Opportunism and tenure. – Personally, I believe that I wouldn’t dare publishing this very post or indeed any of my posts, had I not obtained a tenured position. Saying this, I don’t want to impart advice. All I want to say is that getting this kind of job is what personally freed me to speak openly about certain things. But the existential weight of this fact makes me think that the greatest problem about self-censorship lies in the different socio-economic status that people find themselves in. This is just my experience, but perhaps it’s worth sharing. So what is it about, you might wonder? There is no particular truth that I would not have told before but would tell now. It’s not a matter of any particular opinion, be it left or right. Rather, it affects just about everything I say. The fact that I feel free to talk about my tastes, about the kitsch I adore, about the music I dislike, about the artworks I find dull, alongside the political inclinations I have – talking about all of this openly, not just politics, is affected by the fact that I cannot be fired just so and that I do not have to impress anyone I don’t want to impress. It is this freedom that I think does not only allow us to speak but also requires us to speak up when others will remain silent out of fear.
The myth of authenticity. – The fact that many of us feel they have to withhold something creates the idea that there might be a vast amount of unspoken truths under the surface. “Yes”, you might be inclined to ask, “but what do you really think?” This reminds me of the assumption that, in our hearts, we speak a private language that we cannot make intelligible to others. Or of the questions immigrants get to hear when people inquire where they really come from. It doesn’t really make sense. While it is likely that many people do not say what they would say if their situation were different, I don’t think it’s right to construe this as a situation of hidden truths or lies. (Some people construe the fact that we might hide conceal our opinions as lies. But I doubt that’s a pertinent description.) For better or worse, the world we live in is all we have when it comes to questions of authenticity.
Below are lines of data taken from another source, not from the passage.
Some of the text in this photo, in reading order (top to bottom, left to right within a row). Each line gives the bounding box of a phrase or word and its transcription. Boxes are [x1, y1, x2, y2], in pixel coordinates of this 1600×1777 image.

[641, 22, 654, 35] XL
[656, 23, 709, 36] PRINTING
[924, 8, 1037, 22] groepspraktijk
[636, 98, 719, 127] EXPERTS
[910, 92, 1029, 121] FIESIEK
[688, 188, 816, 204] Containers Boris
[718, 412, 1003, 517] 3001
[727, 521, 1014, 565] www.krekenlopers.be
If you choose to remain silent, there is no hidden truth left unspoken. It just is what it is: you’re not speaking up and you might be in agony about that. You might conceal what you think. But then it is the concealing that shapes the world and yourself, not the stuff left unspoken. Put differently, there are no truths, no hidden selves, authentic or not, that persist without some relation to interlocutors.
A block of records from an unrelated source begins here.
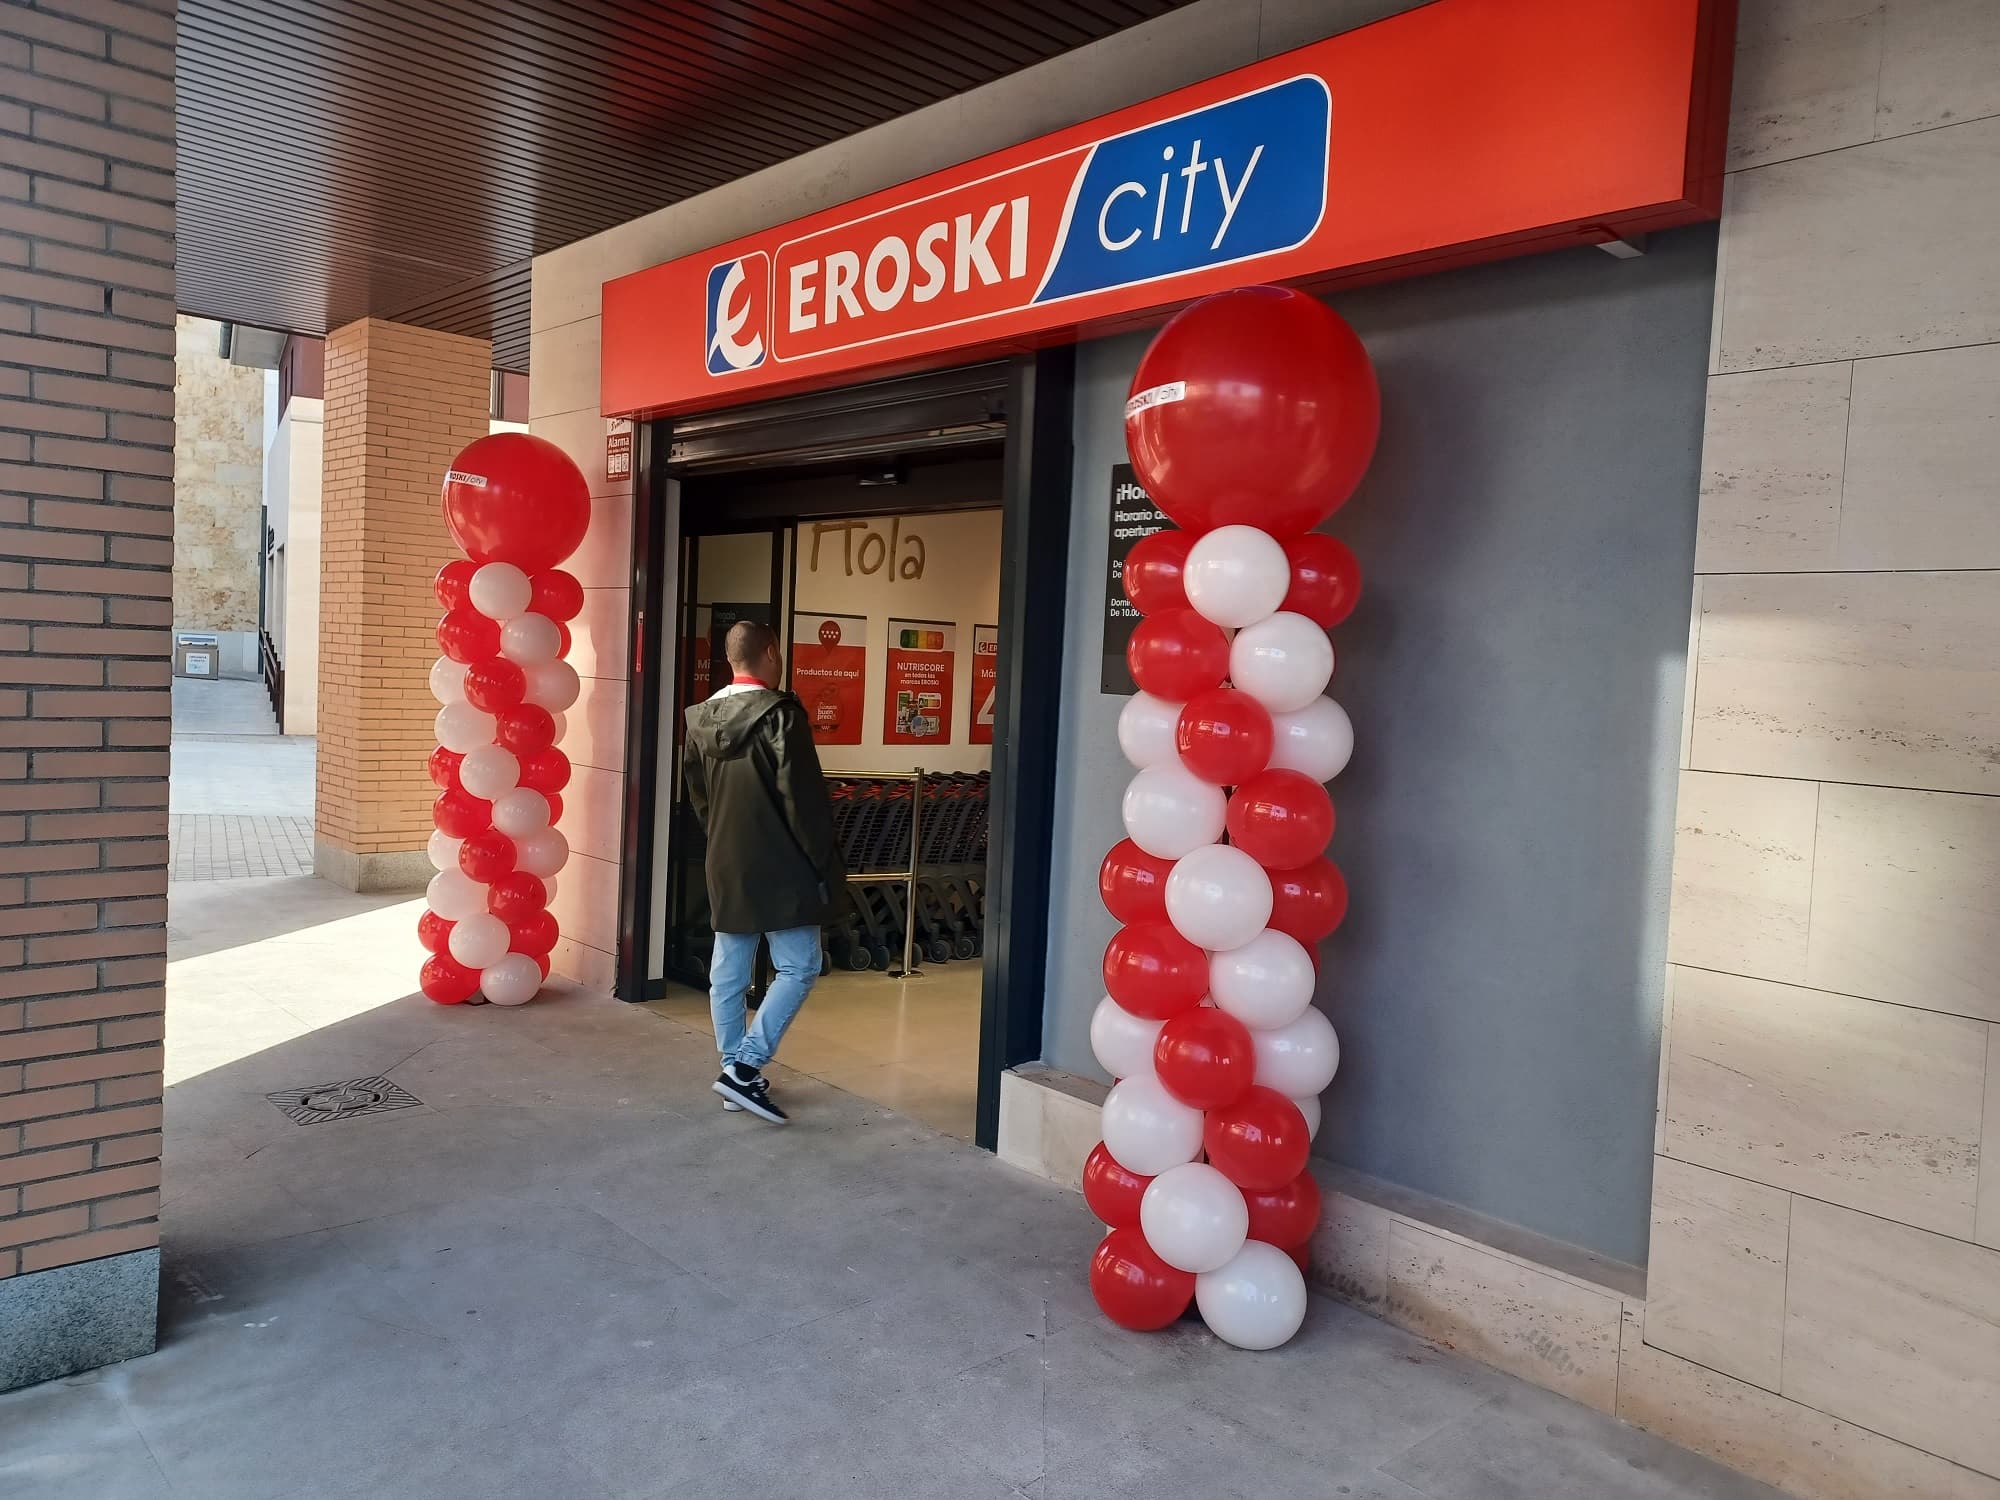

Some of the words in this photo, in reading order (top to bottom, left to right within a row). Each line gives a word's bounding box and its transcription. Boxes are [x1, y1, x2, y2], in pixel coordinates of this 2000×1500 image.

[788, 195, 1031, 334] EROSKI
[1098, 142, 1265, 250] city
[608, 436, 630, 449] Alarma
[1114, 509, 1153, 522] Horario
[810, 517, 926, 583] Hola
[1109, 608, 1120, 617] De
[796, 667, 832, 678] Productos
[833, 669, 843, 678] de
[896, 662, 945, 672] NUTRISCORE
Speaking of which, I want to finish this post with a word of thanks. It’s now two years ago that I started this blog. By now I have written 118 posts. If I include the guest posts, it adds up to 131. Besides having the pleasure of hosting great guest authors, I feel enormously privileged to write for you openly. On the one hand, this is enabled by the relatively comfortable situation that I am in. On the other hand, none of this would add up to anything if it weren’t for you, dear interlocutors.